На столе у Рэя зазвонил телефон. Рэй поднял трубку и, прожевав, произнес:

— Особо опасные… Угу… Берни сейчас нет… По делу Лэмба? Крамер… Ларри. — Рэй оглянулся на Крамера и состроил постную гримасу. — Здесь. Хотите поговорить с ним?.. Минуточку. — И, прикрыв ладонью трубку, объяснил:

— Из Бюро бесплатной юридической помощи, некто Сесил Хейден.
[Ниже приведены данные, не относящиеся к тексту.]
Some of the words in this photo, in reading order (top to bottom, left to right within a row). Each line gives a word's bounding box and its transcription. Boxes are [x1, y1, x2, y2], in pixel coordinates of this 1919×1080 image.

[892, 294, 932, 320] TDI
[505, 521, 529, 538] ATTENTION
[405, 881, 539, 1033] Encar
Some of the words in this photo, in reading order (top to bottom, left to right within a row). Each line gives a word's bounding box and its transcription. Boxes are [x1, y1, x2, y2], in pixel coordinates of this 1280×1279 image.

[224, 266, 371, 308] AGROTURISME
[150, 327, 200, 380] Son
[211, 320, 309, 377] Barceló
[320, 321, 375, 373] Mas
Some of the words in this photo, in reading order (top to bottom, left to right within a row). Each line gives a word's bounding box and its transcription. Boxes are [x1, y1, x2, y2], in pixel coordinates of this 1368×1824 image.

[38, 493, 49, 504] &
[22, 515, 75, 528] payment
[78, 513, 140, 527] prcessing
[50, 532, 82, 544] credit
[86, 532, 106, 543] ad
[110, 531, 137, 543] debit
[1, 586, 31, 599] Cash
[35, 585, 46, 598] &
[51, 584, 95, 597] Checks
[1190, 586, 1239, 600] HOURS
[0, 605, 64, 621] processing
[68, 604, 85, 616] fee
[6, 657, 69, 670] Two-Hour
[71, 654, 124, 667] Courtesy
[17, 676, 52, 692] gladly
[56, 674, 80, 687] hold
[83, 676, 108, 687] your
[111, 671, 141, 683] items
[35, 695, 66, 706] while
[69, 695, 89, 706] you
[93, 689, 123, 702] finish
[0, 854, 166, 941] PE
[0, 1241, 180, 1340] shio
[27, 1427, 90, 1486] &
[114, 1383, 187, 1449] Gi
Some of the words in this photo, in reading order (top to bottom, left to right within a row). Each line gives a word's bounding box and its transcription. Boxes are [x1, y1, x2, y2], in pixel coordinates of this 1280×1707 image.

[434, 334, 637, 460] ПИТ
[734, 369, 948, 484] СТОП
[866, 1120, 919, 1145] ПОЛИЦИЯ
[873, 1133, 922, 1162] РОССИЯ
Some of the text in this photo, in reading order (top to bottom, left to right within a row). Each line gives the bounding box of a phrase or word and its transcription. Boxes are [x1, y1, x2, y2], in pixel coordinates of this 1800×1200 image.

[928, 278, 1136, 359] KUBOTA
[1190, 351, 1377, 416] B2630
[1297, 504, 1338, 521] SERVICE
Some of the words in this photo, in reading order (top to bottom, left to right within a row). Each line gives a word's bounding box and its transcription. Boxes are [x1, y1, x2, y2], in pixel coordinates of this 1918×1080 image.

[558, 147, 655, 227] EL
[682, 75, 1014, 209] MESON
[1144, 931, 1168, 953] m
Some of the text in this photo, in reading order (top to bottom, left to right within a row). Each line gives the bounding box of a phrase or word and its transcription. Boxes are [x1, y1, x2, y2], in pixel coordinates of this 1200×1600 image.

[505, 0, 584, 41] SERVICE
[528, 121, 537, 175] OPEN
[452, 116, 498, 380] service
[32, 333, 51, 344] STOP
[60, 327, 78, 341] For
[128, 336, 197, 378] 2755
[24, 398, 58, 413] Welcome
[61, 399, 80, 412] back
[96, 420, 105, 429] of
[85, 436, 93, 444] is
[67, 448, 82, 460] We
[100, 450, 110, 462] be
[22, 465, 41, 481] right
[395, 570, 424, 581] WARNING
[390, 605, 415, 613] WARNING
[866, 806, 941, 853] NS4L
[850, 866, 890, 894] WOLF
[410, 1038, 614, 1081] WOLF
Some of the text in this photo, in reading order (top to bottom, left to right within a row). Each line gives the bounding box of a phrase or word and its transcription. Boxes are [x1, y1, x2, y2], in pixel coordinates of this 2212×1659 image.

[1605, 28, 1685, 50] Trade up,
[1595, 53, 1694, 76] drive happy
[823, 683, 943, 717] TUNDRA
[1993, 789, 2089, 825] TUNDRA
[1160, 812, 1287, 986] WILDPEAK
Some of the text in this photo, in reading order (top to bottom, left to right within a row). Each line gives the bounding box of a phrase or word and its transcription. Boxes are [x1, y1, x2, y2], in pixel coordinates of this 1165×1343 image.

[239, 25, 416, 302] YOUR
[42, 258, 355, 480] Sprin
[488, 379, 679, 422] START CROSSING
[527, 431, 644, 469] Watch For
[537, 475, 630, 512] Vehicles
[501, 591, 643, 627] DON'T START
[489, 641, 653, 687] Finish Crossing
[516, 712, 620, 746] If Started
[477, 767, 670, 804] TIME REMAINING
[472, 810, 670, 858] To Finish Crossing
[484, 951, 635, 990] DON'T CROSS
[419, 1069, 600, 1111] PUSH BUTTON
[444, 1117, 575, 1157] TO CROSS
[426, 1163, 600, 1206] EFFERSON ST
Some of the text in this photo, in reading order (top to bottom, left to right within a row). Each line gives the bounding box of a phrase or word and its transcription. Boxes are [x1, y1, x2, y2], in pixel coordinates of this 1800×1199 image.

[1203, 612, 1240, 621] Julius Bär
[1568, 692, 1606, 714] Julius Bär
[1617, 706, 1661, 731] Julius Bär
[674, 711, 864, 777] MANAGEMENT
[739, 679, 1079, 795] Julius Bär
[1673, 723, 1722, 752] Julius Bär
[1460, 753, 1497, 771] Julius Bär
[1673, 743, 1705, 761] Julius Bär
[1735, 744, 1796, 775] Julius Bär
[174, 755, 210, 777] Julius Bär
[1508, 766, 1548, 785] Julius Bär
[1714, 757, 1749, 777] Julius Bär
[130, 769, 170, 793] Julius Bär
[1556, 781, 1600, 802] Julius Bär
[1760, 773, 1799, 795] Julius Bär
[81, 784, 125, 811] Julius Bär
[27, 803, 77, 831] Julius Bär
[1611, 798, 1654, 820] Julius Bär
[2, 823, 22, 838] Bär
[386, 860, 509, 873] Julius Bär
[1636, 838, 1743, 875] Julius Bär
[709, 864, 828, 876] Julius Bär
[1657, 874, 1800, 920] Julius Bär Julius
Крамер встает, подходит к столу Андриутги и берет у него трубку.

— Крамер.

— Ларри, говорит Сесил Хейден из «Бесплатной юридической помощи». — Такой жизнерадостный-жизнерадостный голос. — Это ведь вы ведете дело Лэмба?

— Ну, я.

— Ларри, нам с вами, по-моему, подошло время заключить сделку, — и до того доволен, дальше некуда.

— О чем?

— Я поверенный некоего Роланда Обэрна, который позавчера по решению «большого жюри» привлечен к суду за незаконное хранение и продажу наркотиков. Вейсс в заявлении для прессы назвал его «Королем крэка с Вечнозеленой аллеи». Мой клиент был очень польщен. Почему, вы легко поймете, если когда-нибудь видели Вечнозеленую аллею. «Король» не сумел наскрести девять тысяч долларов для залога и пребывает в настоящее время в кутузке на Райкерс-Айленде.

— Да, но какое отношение все это имеет к делу Лэмба?

— Он говорит, что был с Генри Лэмбом, когда того сбила машина. Он отвез его в клинику. Он может описать того, кто сидел за рулем. И хочет заключить сделку.